Of the 227 practices surveyed, fewer than one in three were freely enrolling patients in 2022.
Victoria University epidemiologist associate professor Mona Jeffreys, who co-authored the paper, said unlike previous studies, they did not simply look at whether practices were enrolling patients or not, but also asked them about "limited enrolments" over a four-year period.
"So some practices are not in general open to new patients but will accept for example people who have just moved to the area, or family members of existing patients," she said.
"But there's also some evidence of selection of people who can enrol according to their health.
"Some practices are choosing the healthier patients and some practices are choosing patients with significant need because they are there clearly to provide care.

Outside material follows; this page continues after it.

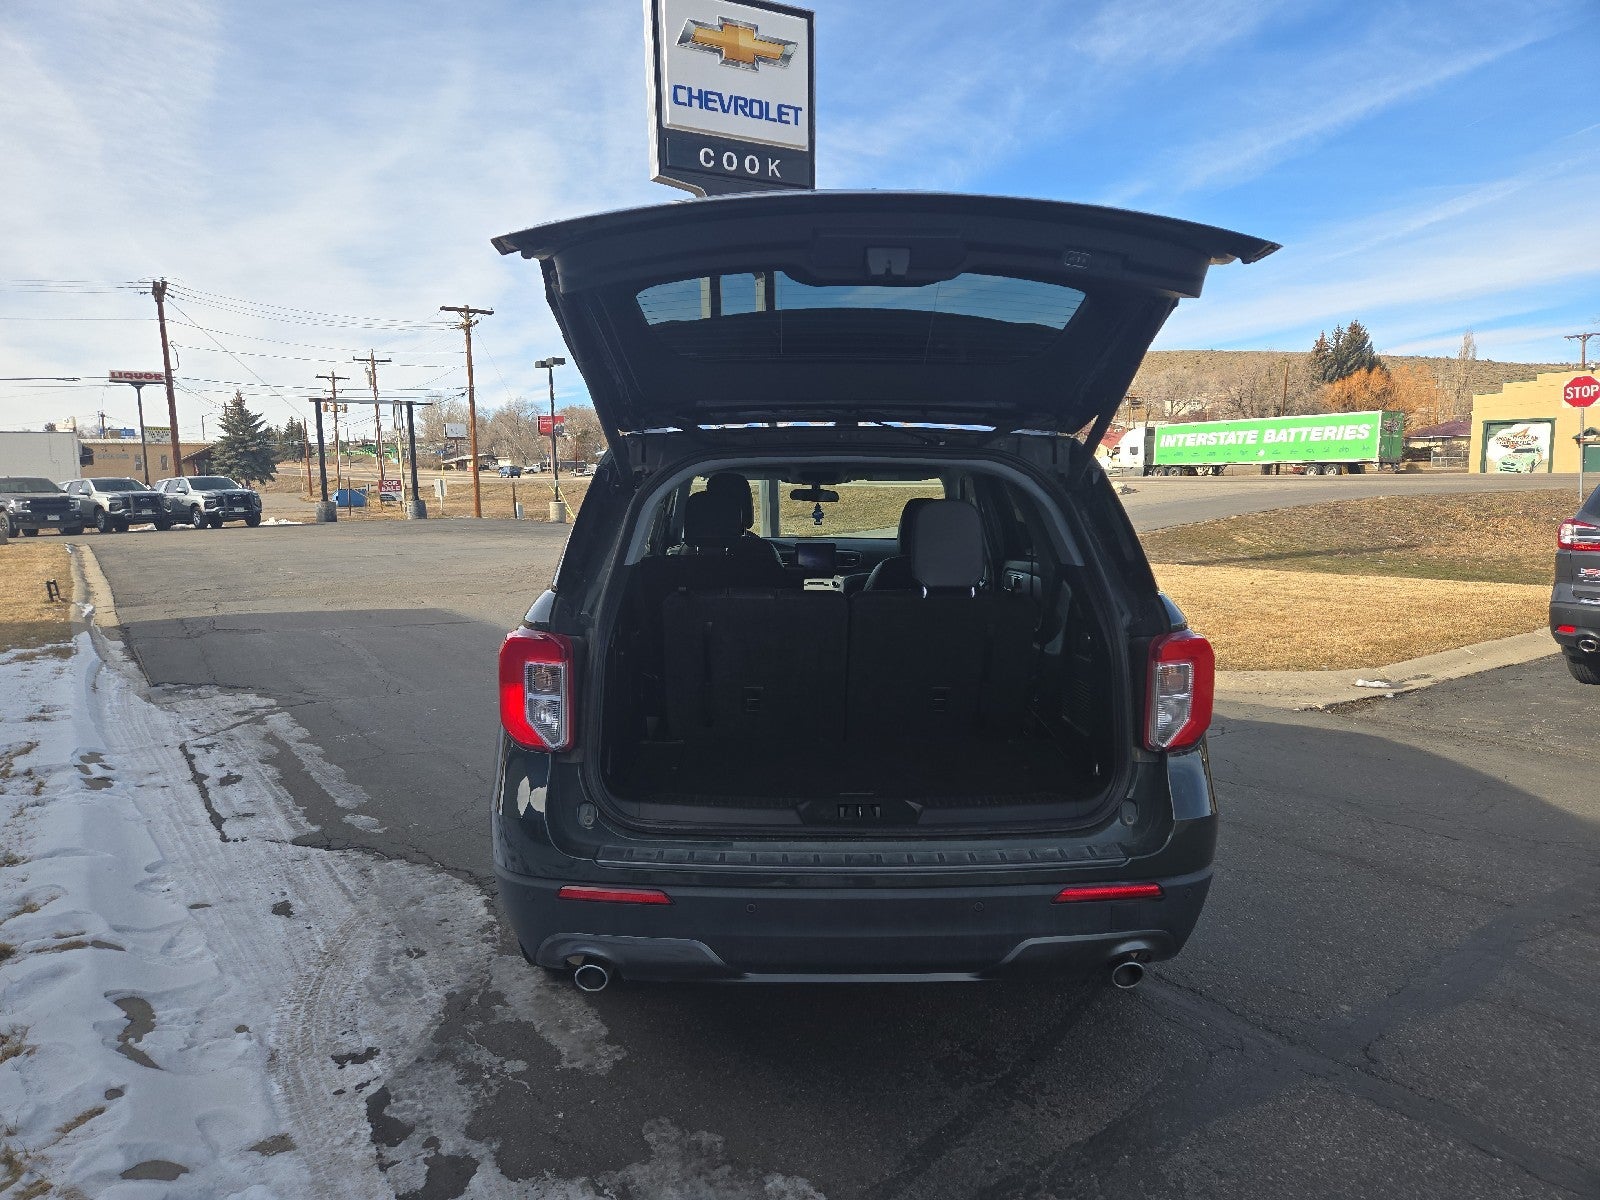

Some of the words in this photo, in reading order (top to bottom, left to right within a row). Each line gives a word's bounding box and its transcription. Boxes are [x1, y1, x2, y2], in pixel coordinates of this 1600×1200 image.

"So it's a really mixed picture but the bottom line is that in 2022, only 28 percent of practices were fully open - would take any patient that crossed their doors."
That was down from 57 percent of practices being "fully open" in 2019.
The situation had "clearly worsened" over the last three years due to the multiple impacts of the Covid-19 pandemic: higher demand for health care, high rates of staff illness and border restrictions adding to workforce shortages, the paper found.
Restricted enrolment posed "a widespread barrier to health access and equity", and it was likely that a selection process for enrolments would "affected those who are already most discriminated against", including Māori and Pacific people.
"Patient selection, also termed 'cream skimming' of patients, is often found in primary care for multiple reasons, sometimes even as unintended consequences of well-meaning incentives."
Some general practices were rejecting patients with more complex needs because the funding did not "sufficiently compensate the higher costs associated with higher-needs enrolees", researchers wrote.
This breaches national enrolment policy, which states "No individual is to be refused enrolment on the basis of health status, anticipated need for health service or any form of discrimination".
"This experience is echoed internationally. We recommend investigating fairer patient intake methods."
Jeffreys said most people who were unable to enrol with a GP either did not get healthcare, or ended up in emergency departments.
Very few could afford to pay the significantly higher unenrolled patient rates - if clinics would see them at all.
"The capitation fees that practices get are not really enough, in fact they are not enough for practices to continue working," she said.
"What this is really underlining is the underinvestment in primary care, which we know is having a knock-on effect on hospital-level care."